Provided entries:
_ _ _

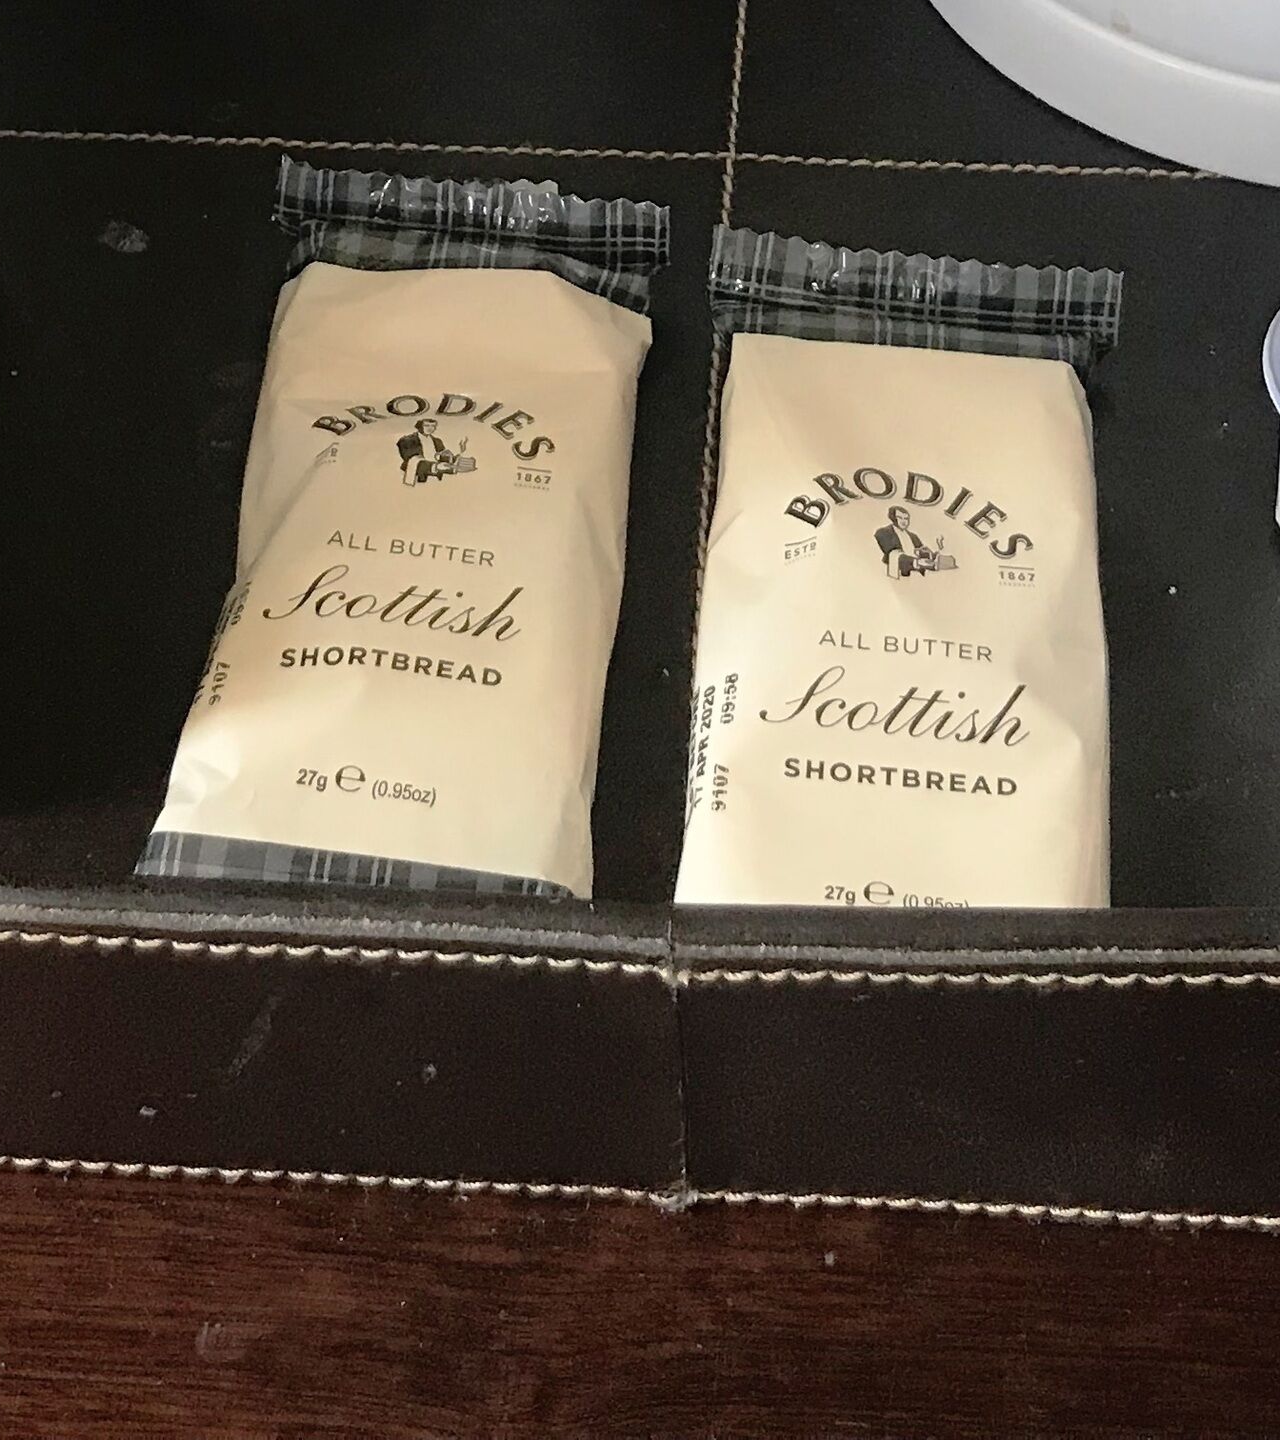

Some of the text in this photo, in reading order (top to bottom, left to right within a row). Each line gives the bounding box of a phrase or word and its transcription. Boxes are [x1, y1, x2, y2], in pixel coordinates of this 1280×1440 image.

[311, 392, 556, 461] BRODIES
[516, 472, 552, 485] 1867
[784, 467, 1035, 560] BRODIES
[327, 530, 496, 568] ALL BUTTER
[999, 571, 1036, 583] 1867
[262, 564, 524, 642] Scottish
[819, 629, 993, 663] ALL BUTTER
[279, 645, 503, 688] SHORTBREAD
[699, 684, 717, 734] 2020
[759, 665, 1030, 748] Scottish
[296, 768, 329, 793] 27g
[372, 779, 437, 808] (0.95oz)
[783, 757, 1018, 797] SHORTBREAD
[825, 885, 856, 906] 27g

_ _ _

Task details:
For this task, give the full listing again verbatim and keep out every picture.

Task output:
Some of the text in this photo, in reading order (top to bottom, left to right within a row). Each line gives the bounding box of a phrase or word and its transcription. Boxes are [x1, y1, x2, y2], in pixel coordinates of this 1280×1440 image.

[311, 392, 556, 461] BRODIES
[516, 472, 552, 485] 1867
[784, 467, 1035, 560] BRODIES
[327, 530, 496, 568] ALL BUTTER
[999, 571, 1036, 583] 1867
[262, 564, 524, 642] Scottish
[819, 629, 993, 663] ALL BUTTER
[279, 645, 503, 688] SHORTBREAD
[699, 684, 717, 734] 2020
[759, 665, 1030, 748] Scottish
[296, 768, 329, 793] 27g
[372, 779, 437, 808] (0.95oz)
[783, 757, 1018, 797] SHORTBREAD
[825, 885, 856, 906] 27g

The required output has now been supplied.